Free-text object descriptions:
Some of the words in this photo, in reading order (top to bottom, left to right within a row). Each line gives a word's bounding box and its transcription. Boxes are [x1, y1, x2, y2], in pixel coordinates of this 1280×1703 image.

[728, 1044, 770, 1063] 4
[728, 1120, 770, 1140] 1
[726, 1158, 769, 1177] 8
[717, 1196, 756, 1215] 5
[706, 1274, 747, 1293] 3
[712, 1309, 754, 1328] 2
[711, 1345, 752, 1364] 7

**What is being asked**:
Copy every line above exactly.

**Answer box**:
Some of the words in this photo, in reading order (top to bottom, left to right within a row). Each line gives a word's bounding box and its transcription. Boxes are [x1, y1, x2, y2], in pixel coordinates of this 1280×1703 image.

[728, 1044, 770, 1063] 4
[728, 1120, 770, 1140] 1
[726, 1158, 769, 1177] 8
[717, 1196, 756, 1215] 5
[706, 1274, 747, 1293] 3
[712, 1309, 754, 1328] 2
[711, 1345, 752, 1364] 7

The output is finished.